I’ve gotten a chance to learn about Turkish culture, to hear the gossip and rumors about men who beat their wives, and wives who have exacted revenge. Though most of my observations have been of  compatibility based on the fact (I think) that in this culture men and women rarely socialize together. Most daily interactions are in the company of one’s own sex, and while same-sex relationships can be stressful, they generally don’t lead to much violence. Married couples with children are often seen, especially on Sundays having picnics in the parks. People live in extended family groups, or if not, the extended family lives nearby. This is so healthy for children, to be exposed to many people giving them the same messages about how to behave. With many people to love and support them it provides a great security.

That sense of family importance finds its way into business. I had a bunch of photos printed by the FujiFilm store in Urgup. The young man was just about to close the store, but offered to stay open to print them for me. I said, no, I’d come back on Monday and pick them up. He asked if he could deliver them to me in Ortahisar. I was so surprised. I told him I could get them at Hezen Cave Hotel if he wanted to drop them off there. The next afternoon, on my way past the hotel I stopped and sure enough, there was a package with my name on it. I’d only paid the equivalent of $5 for the photos, and got next day delivery in a different town!! That’s the kind of service you could only expect from family, and not a whole lot of families either!

Crazy Ali is another example. I have gone almost every day to sit in his shop, drink a Turkish coffee, or a freshly squeezed orange juice, and have a Turkish lesson. Mostly we just chat about life, and lately I’ve been telling his other friends their “fortunes” looking at the coffee grounds or reading their palms.

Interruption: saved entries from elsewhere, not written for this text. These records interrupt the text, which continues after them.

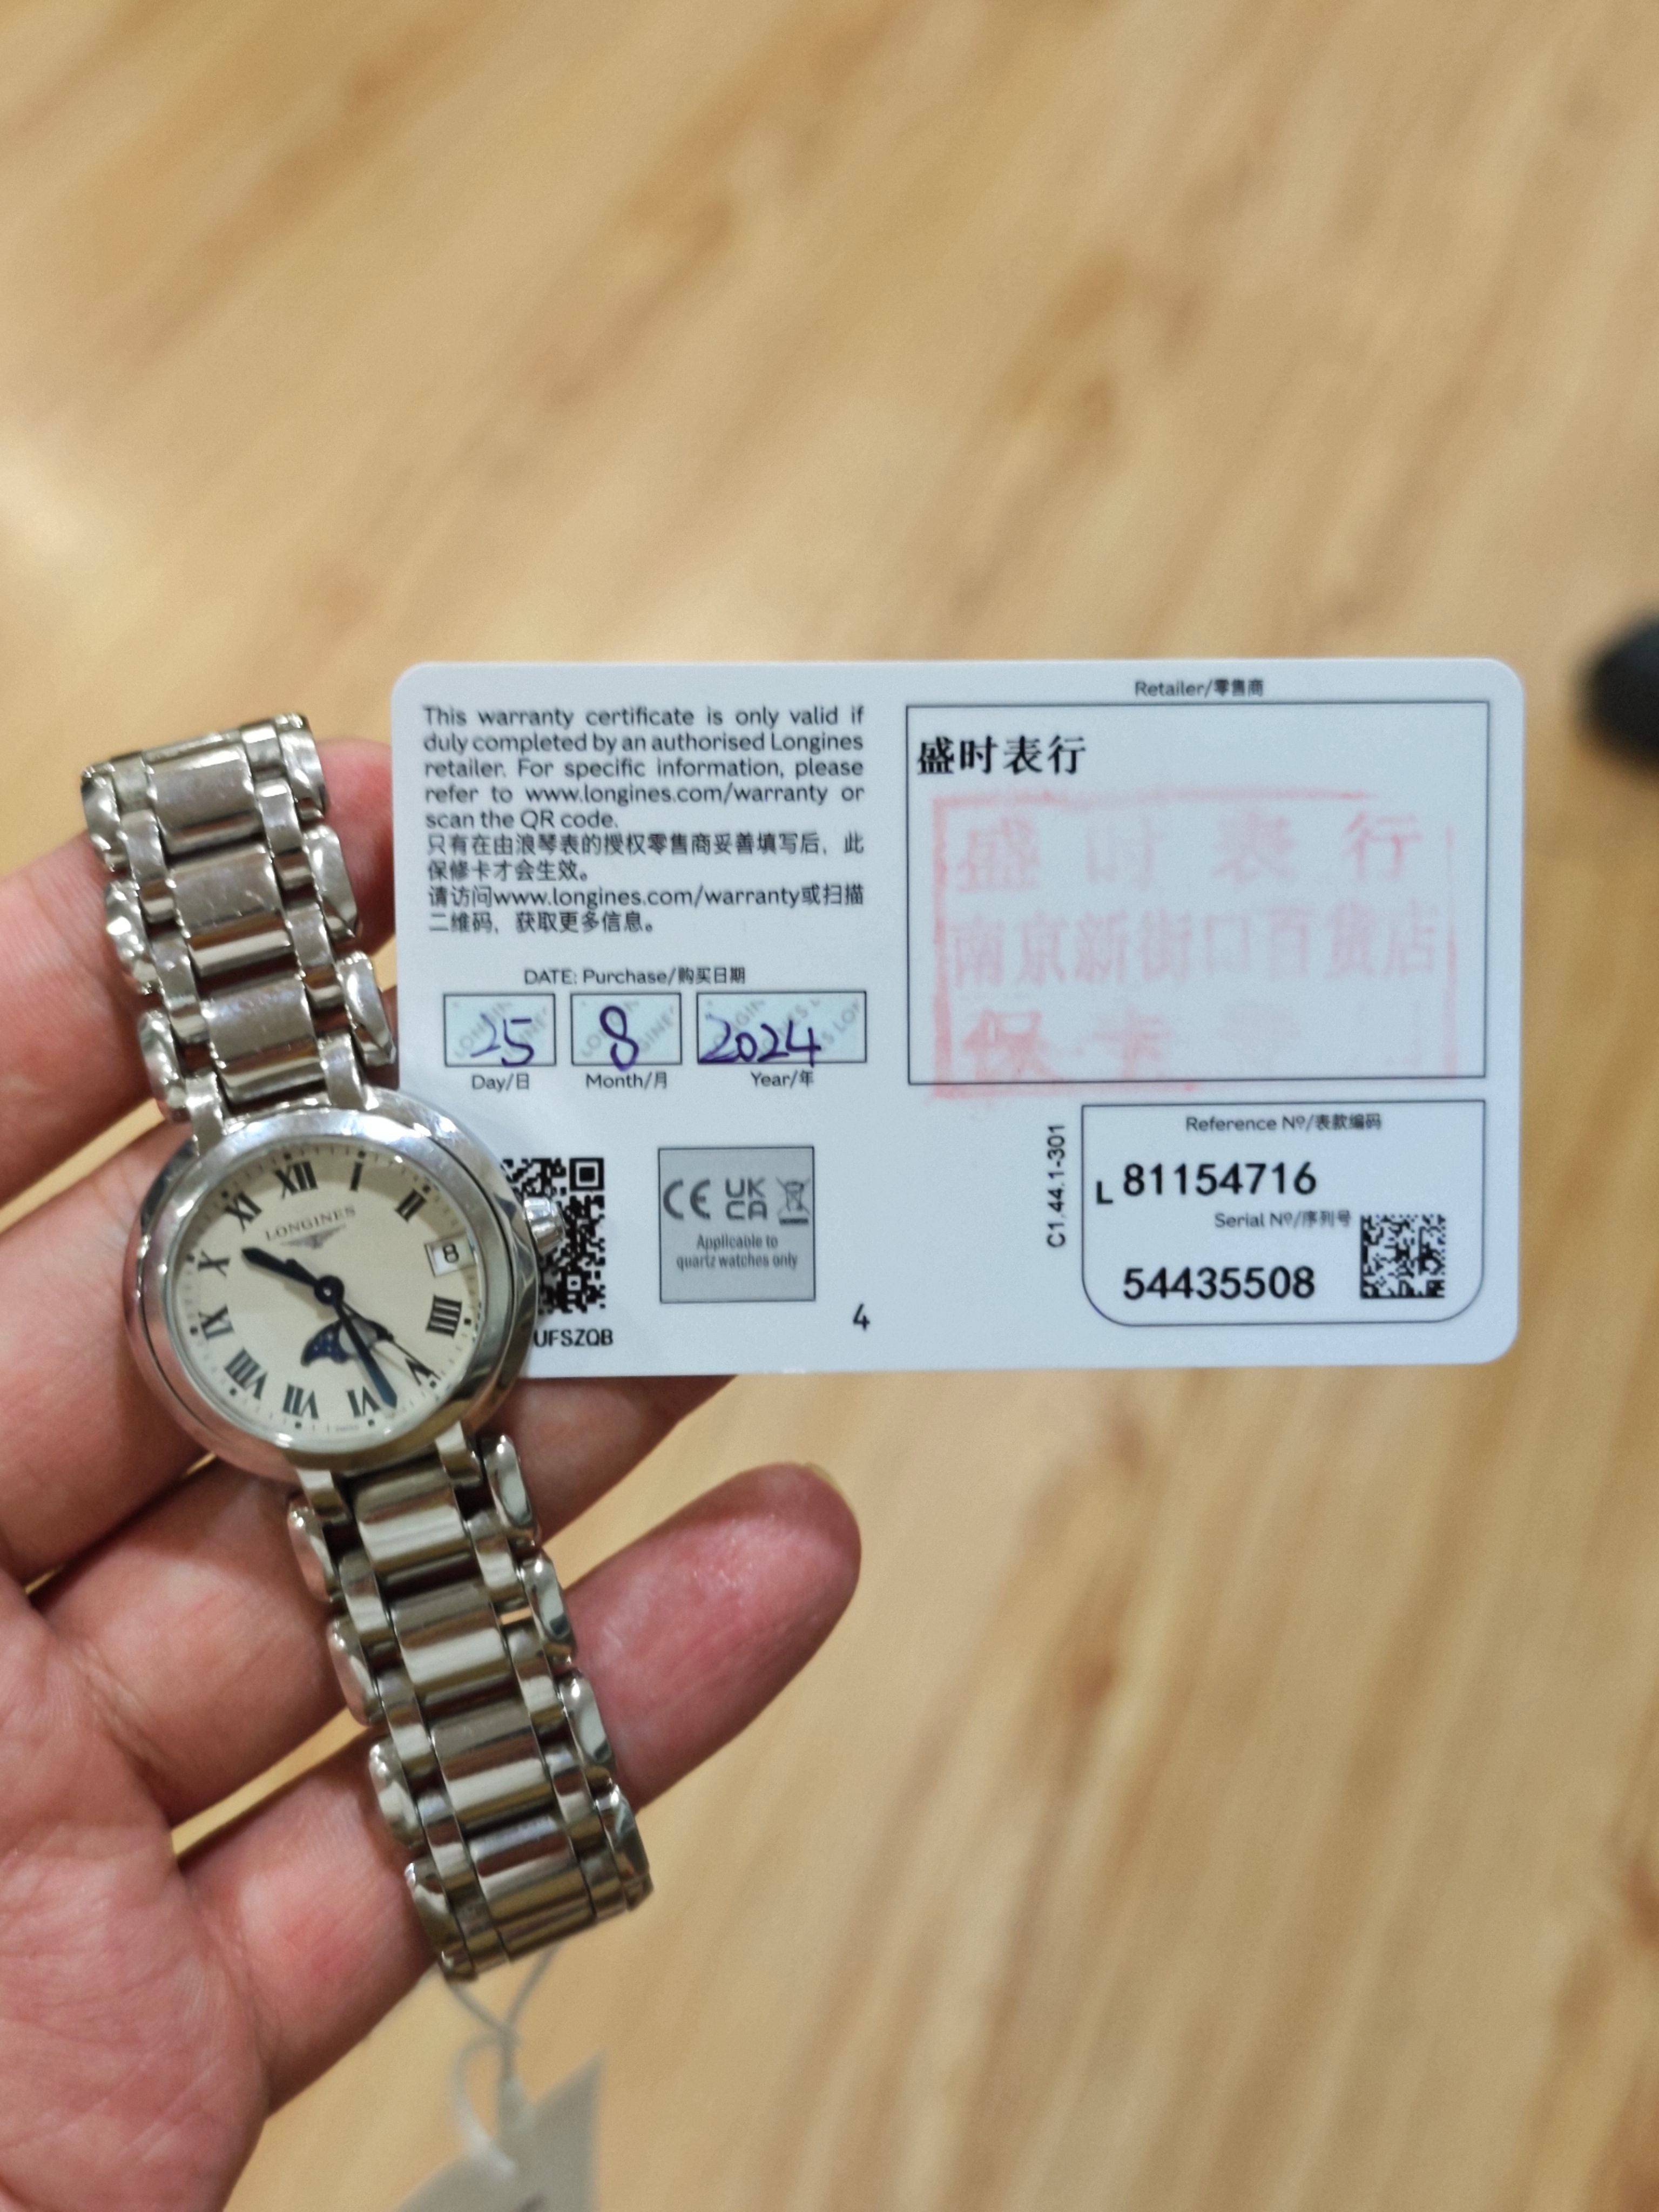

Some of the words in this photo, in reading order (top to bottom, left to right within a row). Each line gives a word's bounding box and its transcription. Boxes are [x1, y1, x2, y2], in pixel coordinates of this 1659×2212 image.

[1135, 678, 1264, 697] Retailer/零售商
[423, 705, 468, 727] This
[477, 707, 574, 731] warranty
[585, 705, 695, 726] certificate
[707, 706, 724, 726] is
[735, 705, 780, 730] only
[789, 705, 839, 726] valid
[851, 705, 864, 725] if
[423, 732, 469, 756] duly
[472, 732, 588, 759] completed
[592, 732, 618, 756] by
[621, 736, 646, 752] an
[651, 731, 765, 752] authorised
[771, 731, 864, 756] Longines
[917, 734, 1086, 775] 盛时表行
[424, 758, 506, 778] retailer.
[517, 756, 554, 778] For
[564, 757, 645, 781] specific
[657, 757, 784, 779] information,
[795, 757, 864, 780] please
[424, 783, 479, 804] refer
[490, 785, 514, 804] to
[525, 781, 828, 807] www.longines.com/warranty
[841, 786, 865, 802] or
[425, 813, 475, 829] scan
[480, 809, 515, 829] the
[520, 808, 555, 831] QR
[560, 808, 618, 829] code.
[427, 858, 588, 882] 保修卡才会生效。
[428, 882, 864, 911] 请访问www.longines.com/warranty或扫描
[524, 968, 577, 985] DATE:
[583, 966, 746, 986] Purchase/购买日期
[470, 1012, 534, 1067] 25
[599, 1006, 639, 1071] 8
[699, 1013, 821, 1068] 2024
[471, 1072, 530, 1093] Day/日
[585, 1071, 667, 1090] Month/月
[750, 1069, 814, 1089] Year/年
[1185, 1115, 1278, 1132] Reference
[275, 1161, 318, 1200] XII
[725, 1178, 766, 1198] UK
[1046, 1125, 1067, 1249] C1.44.1-301
[1096, 1180, 1114, 1205] L
[1123, 1161, 1317, 1197] 81154716
[265, 1205, 356, 1240] LONGINES
[725, 1201, 767, 1221] CA
[1214, 1212, 1265, 1229] Serial
[442, 1243, 459, 1263] 8
[697, 1233, 763, 1250] Applicable
[766, 1235, 778, 1249] to
[677, 1254, 716, 1271] quartz
[718, 1252, 769, 1267] watches
[773, 1252, 798, 1270] only
[1123, 1265, 1316, 1301] 54435508
[852, 1303, 871, 1331] 4
[534, 1328, 613, 1347] UFSZQB

I just make it up as I go along; based on all the fortune teller tricks I’ve picked up over the years. And of course if the statements are poetic enough, or vague enough, they hit the mark for each person. He’s never once mentioned my purchasing anything, though I did insist on paying for a book once. I asked to buy some blue evil-eye beads like the ones he uses on the hangers for little painted globes, so he ordered several hundred. He looked them over carefully and picked the best 100 for me. I paid barely twenty-five cents for each one.  Then, as a parting gift, he gave me a turquoise necklace. Not all customers get this kind of treatment, but it makes me want to come back to Cappadocia, it makes me sad to leave.

And of course when house sitting involves animals, it becomes even harder to say goodbye. Milo and Zeno both sat on the stairs at chest level to me with my an arm around each one. They snuggled and nuzzled as if they knew I was saying good by. It brought tears. I’d snatch either of them in a microsecond and take them home if I could. And Evelien would certainly spare no expense to come after me and take them back!!